- Problem to solve -
The data must be returned in full and exactly as given.

- Supplied data -
+ + + + +

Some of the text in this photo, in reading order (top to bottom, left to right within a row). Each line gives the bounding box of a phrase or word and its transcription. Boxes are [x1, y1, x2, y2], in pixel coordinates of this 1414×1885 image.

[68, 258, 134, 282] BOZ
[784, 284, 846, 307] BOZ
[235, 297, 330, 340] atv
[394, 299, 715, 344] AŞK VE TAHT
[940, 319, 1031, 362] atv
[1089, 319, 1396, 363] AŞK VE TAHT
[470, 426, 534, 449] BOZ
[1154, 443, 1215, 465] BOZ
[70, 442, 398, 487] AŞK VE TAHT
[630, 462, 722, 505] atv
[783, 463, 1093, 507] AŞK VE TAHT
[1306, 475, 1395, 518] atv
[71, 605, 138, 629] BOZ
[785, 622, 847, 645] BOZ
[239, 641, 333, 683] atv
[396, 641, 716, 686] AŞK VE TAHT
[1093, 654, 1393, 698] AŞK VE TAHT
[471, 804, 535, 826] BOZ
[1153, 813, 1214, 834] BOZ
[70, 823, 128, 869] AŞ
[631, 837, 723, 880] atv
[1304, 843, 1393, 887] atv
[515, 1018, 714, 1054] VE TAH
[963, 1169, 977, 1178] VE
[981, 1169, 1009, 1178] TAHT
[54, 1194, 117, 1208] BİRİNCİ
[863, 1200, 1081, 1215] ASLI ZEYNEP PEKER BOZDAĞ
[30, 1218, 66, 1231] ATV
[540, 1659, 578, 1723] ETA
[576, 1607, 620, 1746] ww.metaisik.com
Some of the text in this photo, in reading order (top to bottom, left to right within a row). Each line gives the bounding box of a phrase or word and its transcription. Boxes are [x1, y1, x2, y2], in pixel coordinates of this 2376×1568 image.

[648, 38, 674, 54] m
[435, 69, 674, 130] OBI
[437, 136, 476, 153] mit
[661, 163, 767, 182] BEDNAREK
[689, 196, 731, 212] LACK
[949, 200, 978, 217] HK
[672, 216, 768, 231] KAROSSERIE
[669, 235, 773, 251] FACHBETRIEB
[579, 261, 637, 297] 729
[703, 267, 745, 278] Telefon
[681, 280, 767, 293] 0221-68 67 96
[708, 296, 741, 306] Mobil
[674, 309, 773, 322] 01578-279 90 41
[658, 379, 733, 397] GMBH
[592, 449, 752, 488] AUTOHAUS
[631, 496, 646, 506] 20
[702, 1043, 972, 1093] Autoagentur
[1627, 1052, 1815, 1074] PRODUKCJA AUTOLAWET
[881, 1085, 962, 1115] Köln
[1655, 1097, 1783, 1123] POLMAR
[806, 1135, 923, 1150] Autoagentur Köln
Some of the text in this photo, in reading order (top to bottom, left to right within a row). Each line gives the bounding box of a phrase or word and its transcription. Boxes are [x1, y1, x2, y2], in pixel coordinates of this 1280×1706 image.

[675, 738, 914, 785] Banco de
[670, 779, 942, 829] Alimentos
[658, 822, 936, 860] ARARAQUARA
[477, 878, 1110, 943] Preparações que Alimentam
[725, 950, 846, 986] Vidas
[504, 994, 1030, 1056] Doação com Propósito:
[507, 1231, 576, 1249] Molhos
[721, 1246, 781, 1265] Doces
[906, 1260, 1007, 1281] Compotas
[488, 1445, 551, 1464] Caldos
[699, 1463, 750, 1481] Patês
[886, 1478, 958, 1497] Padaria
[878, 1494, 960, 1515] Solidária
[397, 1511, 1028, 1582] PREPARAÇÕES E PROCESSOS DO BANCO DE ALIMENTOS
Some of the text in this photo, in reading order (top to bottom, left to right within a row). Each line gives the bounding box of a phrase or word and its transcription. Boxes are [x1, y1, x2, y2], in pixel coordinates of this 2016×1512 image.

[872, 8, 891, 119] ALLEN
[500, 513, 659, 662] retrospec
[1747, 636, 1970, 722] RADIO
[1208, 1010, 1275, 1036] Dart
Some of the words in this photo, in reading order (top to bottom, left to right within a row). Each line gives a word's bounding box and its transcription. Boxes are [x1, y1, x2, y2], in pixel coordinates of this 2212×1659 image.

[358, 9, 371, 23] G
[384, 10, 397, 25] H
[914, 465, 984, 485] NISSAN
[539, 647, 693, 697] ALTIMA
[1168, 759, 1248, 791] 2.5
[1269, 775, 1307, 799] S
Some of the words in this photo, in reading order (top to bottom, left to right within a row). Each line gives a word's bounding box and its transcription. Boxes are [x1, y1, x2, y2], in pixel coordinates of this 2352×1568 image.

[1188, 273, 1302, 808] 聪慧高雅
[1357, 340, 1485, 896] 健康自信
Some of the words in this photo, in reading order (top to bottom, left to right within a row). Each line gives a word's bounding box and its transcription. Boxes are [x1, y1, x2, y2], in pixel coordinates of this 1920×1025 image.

+ + + + +

- Finished task -
Some of the text in this photo, in reading order (top to bottom, left to right within a row). Each line gives the bounding box of a phrase or word and its transcription. Boxes are [x1, y1, x2, y2], in pixel coordinates of this 1414×1885 image.

[68, 258, 134, 282] BOZ
[784, 284, 846, 307] BOZ
[235, 297, 330, 340] atv
[394, 299, 715, 344] AŞK VE TAHT
[940, 319, 1031, 362] atv
[1089, 319, 1396, 363] AŞK VE TAHT
[470, 426, 534, 449] BOZ
[1154, 443, 1215, 465] BOZ
[70, 442, 398, 487] AŞK VE TAHT
[630, 462, 722, 505] atv
[783, 463, 1093, 507] AŞK VE TAHT
[1306, 475, 1395, 518] atv
[71, 605, 138, 629] BOZ
[785, 622, 847, 645] BOZ
[239, 641, 333, 683] atv
[396, 641, 716, 686] AŞK VE TAHT
[1093, 654, 1393, 698] AŞK VE TAHT
[471, 804, 535, 826] BOZ
[1153, 813, 1214, 834] BOZ
[70, 823, 128, 869] AŞ
[631, 837, 723, 880] atv
[1304, 843, 1393, 887] atv
[515, 1018, 714, 1054] VE TAH
[963, 1169, 977, 1178] VE
[981, 1169, 1009, 1178] TAHT
[54, 1194, 117, 1208] BİRİNCİ
[863, 1200, 1081, 1215] ASLI ZEYNEP PEKER BOZDAĞ
[30, 1218, 66, 1231] ATV
[540, 1659, 578, 1723] ETA
[576, 1607, 620, 1746] ww.metaisik.com
Some of the text in this photo, in reading order (top to bottom, left to right within a row). Each line gives the bounding box of a phrase or word and its transcription. Boxes are [x1, y1, x2, y2], in pixel coordinates of this 2376×1568 image.

[648, 38, 674, 54] m
[435, 69, 674, 130] OBI
[437, 136, 476, 153] mit
[661, 163, 767, 182] BEDNAREK
[689, 196, 731, 212] LACK
[949, 200, 978, 217] HK
[672, 216, 768, 231] KAROSSERIE
[669, 235, 773, 251] FACHBETRIEB
[579, 261, 637, 297] 729
[703, 267, 745, 278] Telefon
[681, 280, 767, 293] 0221-68 67 96
[708, 296, 741, 306] Mobil
[674, 309, 773, 322] 01578-279 90 41
[658, 379, 733, 397] GMBH
[592, 449, 752, 488] AUTOHAUS
[631, 496, 646, 506] 20
[702, 1043, 972, 1093] Autoagentur
[1627, 1052, 1815, 1074] PRODUKCJA AUTOLAWET
[881, 1085, 962, 1115] Köln
[1655, 1097, 1783, 1123] POLMAR
[806, 1135, 923, 1150] Autoagentur Köln
Some of the text in this photo, in reading order (top to bottom, left to right within a row). Each line gives the bounding box of a phrase or word and its transcription. Boxes are [x1, y1, x2, y2], in pixel coordinates of this 1280×1706 image.

[675, 738, 914, 785] Banco de
[670, 779, 942, 829] Alimentos
[658, 822, 936, 860] ARARAQUARA
[477, 878, 1110, 943] Preparações que Alimentam
[725, 950, 846, 986] Vidas
[504, 994, 1030, 1056] Doação com Propósito:
[507, 1231, 576, 1249] Molhos
[721, 1246, 781, 1265] Doces
[906, 1260, 1007, 1281] Compotas
[488, 1445, 551, 1464] Caldos
[699, 1463, 750, 1481] Patês
[886, 1478, 958, 1497] Padaria
[878, 1494, 960, 1515] Solidária
[397, 1511, 1028, 1582] PREPARAÇÕES E PROCESSOS DO BANCO DE ALIMENTOS
Some of the text in this photo, in reading order (top to bottom, left to right within a row). Each line gives the bounding box of a phrase or word and its transcription. Boxes are [x1, y1, x2, y2], in pixel coordinates of this 2016×1512 image.

[872, 8, 891, 119] ALLEN
[500, 513, 659, 662] retrospec
[1747, 636, 1970, 722] RADIO
[1208, 1010, 1275, 1036] Dart
Some of the words in this photo, in reading order (top to bottom, left to right within a row). Each line gives a word's bounding box and its transcription. Boxes are [x1, y1, x2, y2], in pixel coordinates of this 2212×1659 image.

[358, 9, 371, 23] G
[384, 10, 397, 25] H
[914, 465, 984, 485] NISSAN
[539, 647, 693, 697] ALTIMA
[1168, 759, 1248, 791] 2.5
[1269, 775, 1307, 799] S
Some of the words in this photo, in reading order (top to bottom, left to right within a row). Each line gives a word's bounding box and its transcription. Boxes are [x1, y1, x2, y2], in pixel coordinates of this 2352×1568 image.

[1188, 273, 1302, 808] 聪慧高雅
[1357, 340, 1485, 896] 健康自信
Some of the words in this photo, in reading order (top to bottom, left to right within a row). Each line gives a word's bounding box and its transcription. Boxes are [x1, y1, x2, y2], in pixel coordinates of this 1920×1025 image.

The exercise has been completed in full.